Signing Bytes

Signing Bytes

You can sign arbitrary bytes with Wallet Provider in a React-based web application. This action is useful for verifying account ownership without having to post a transaction to the chain, and is commonly used as a form of simple user authentication.

Tip

Not using React? Use the wallet-controller instead.

The Wallet Provider comes with a useConnectedWallet hook, which lets you trigger actions from a Terra wallet that’s connected to the web page. The connectedWallet object includes a .signBytes() method, which prompts the user to sign the data and then returns an object of type SignBytesResult. The returned SignBytesResult object contains the address of the signer and the signed data.

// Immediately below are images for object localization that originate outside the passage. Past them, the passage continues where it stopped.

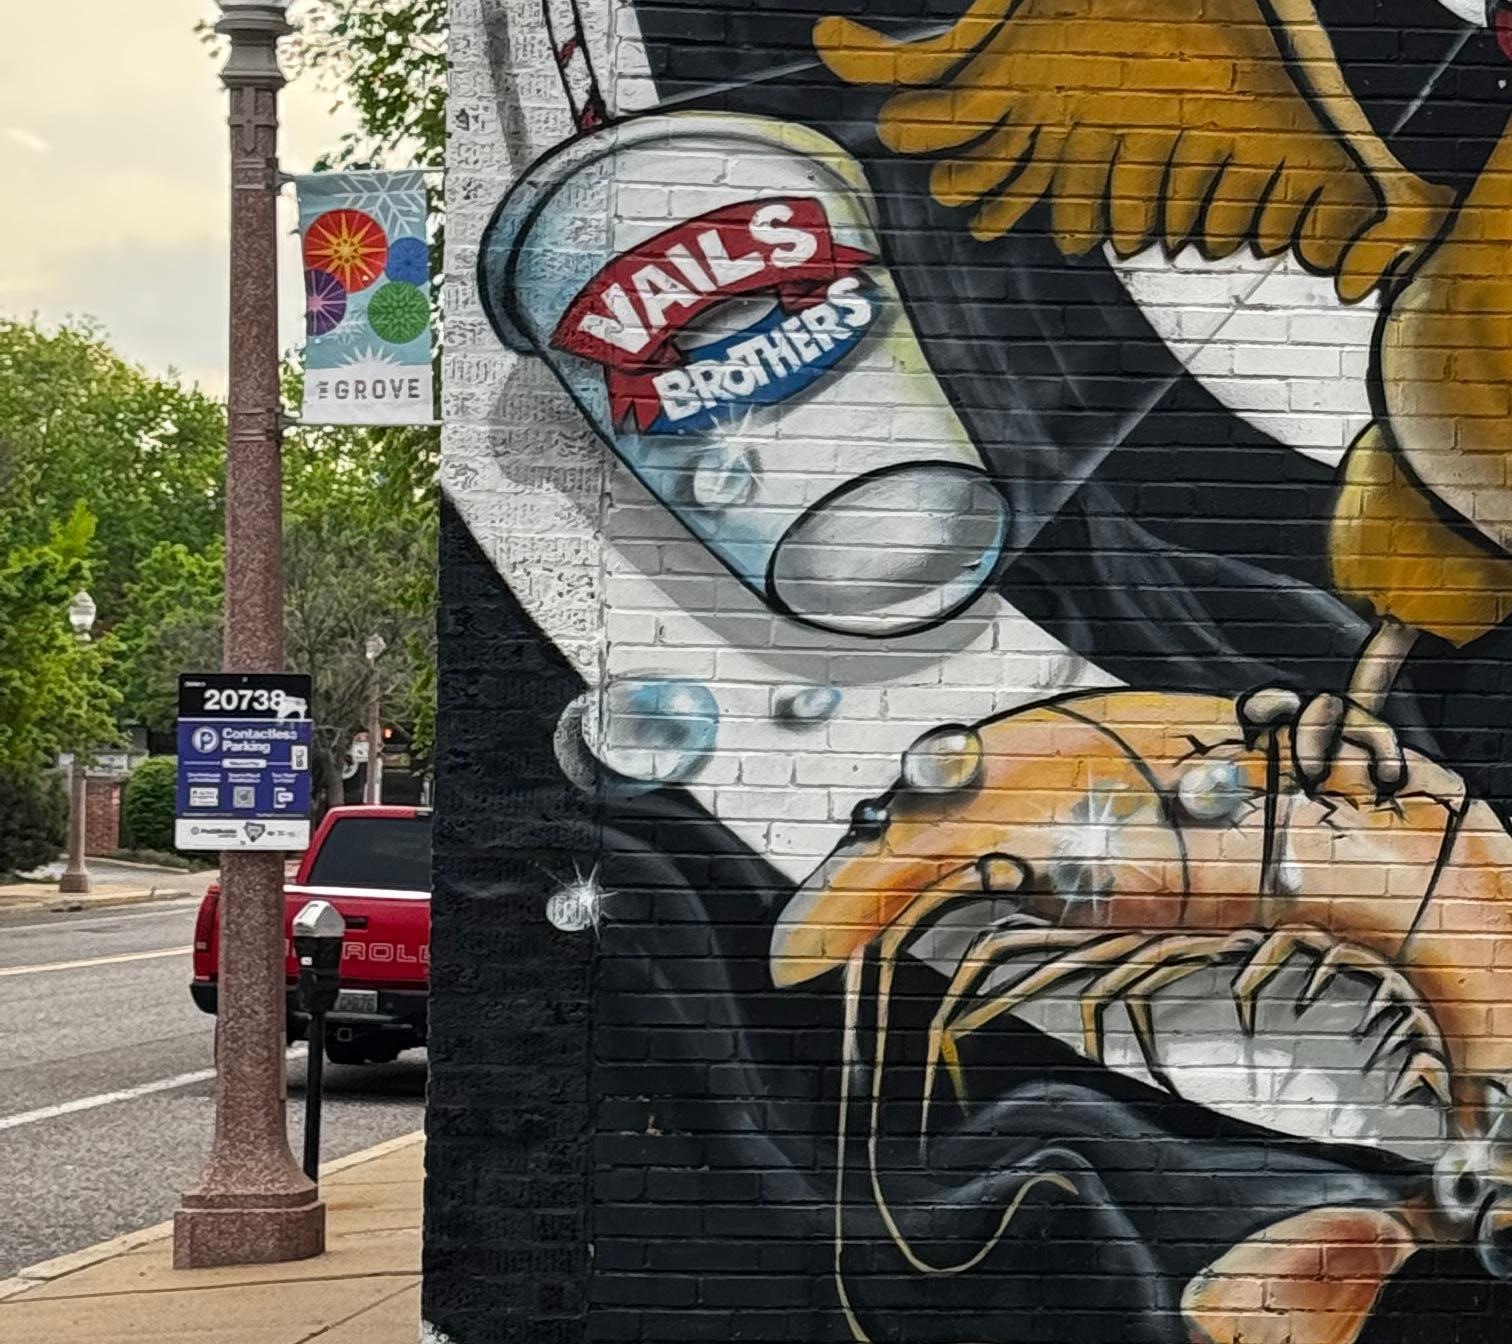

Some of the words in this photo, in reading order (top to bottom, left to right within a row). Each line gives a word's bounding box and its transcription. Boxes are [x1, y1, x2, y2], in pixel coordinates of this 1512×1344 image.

[576, 203, 817, 354] VAILS
[652, 276, 872, 422] BROTHERS
[334, 378, 420, 400] GROVE
[203, 689, 287, 711] 20738
[222, 727, 298, 741] Contactless
[222, 741, 271, 754] Parking

The verifyBytes function then compares the original TEST_BYTES against the signature and public key pairing returned by the SignBytesResult. If verifyBytes returns true, then the account is owned by the connected wallet. Likewise, if verifyBytes returns false, then the account is not owned by the connected wallet. In this way, the owner of the associated wallet is verified without having to produce an on-chain action or pay gas fees.

Tip

You can see how the verifyBytes function works here.*

Wallet Provider also supplies useful error types that can be used with a catch statement notify the user whether or not the signing was successful:

 import {
  SignBytesFailed,
  SignBytesResult,
  Timeout,
  useConnectedWallet,
  UserDenied,
  verifyBytes,
} from '@terra-money/wallet-provider';
import React, { useCallback, useState } from 'react';

const TEST_BYTES = Buffer.from('hello'); // resolves to <Buffer 68 65 6c 6c 6f>

export function SignBytesSample() {
  const [txResult, setTxResult] = useState<SignBytesResult | null>(null);
  const [txError, setTxError] = useState<string | null>(null);
  const [verifyResult, setVerifyResult] = useState<string | null>(null);

  const connectedWallet = useConnectedWallet();

  const signBytes = useCallback(async () => {
    if (!connectedWallet) {
      return;
    }

    try {
        const signedBytes: SignBytesResult = await connectedWallet.signBytes(TEST_BYTES);
        setTxResult(signedBytes);
        setTxError(null);
        const result = verifyBytes(TEST_BYTES, signedBytes.result);
        setVerifyResult(result ? 'Verified' : 'Verification failed');

    } catch (error) {
        setTxResult(null);
        setVerifyResult(null);
        if (error instanceof UserDenied) {
            setTxError('User Denied');
        } else if (error instanceof Timeout) {
            setTxError('Timeout');
        } else if (error instanceof SignBytesFailed) {
            setTxError('Sign Bytes Failed');
        } else {
            setTxError(
            'Unknown Error: ' +
                (error instanceof Error ? error.message : String(error)),
            );
        }
    }
  }, [connectedWallet]);

  return (
    <div>
      <h1>Sign Bytes Sample</h1>

      {connectedWallet?.availableSignBytes &&
        !txResult &&
        !txError &&
        !verifyResult && (
          <button onClick={() => signBytes()}>
            Sign bytes with {connectedWallet.walletAddress}
          </button>
        )}

      {txResult && <pre>{JSON.stringify(txResult, null, 2)}</pre>}

      {txError && <pre>{txError}</pre>}

      {verifyResult && <pre>{verifyResult}</pre>}

      {!connectedWallet && <p>Wallet not connected!</p>}

      {connectedWallet && !connectedWallet.availableSignBytes && (
        <p>This connection does not support signBytes()</p>
      )}
    </div>
  );
}

You can find this code used in context in GitHub.

You can view a working sandbox example of bytes signing with Terra Station on codesandbox.io.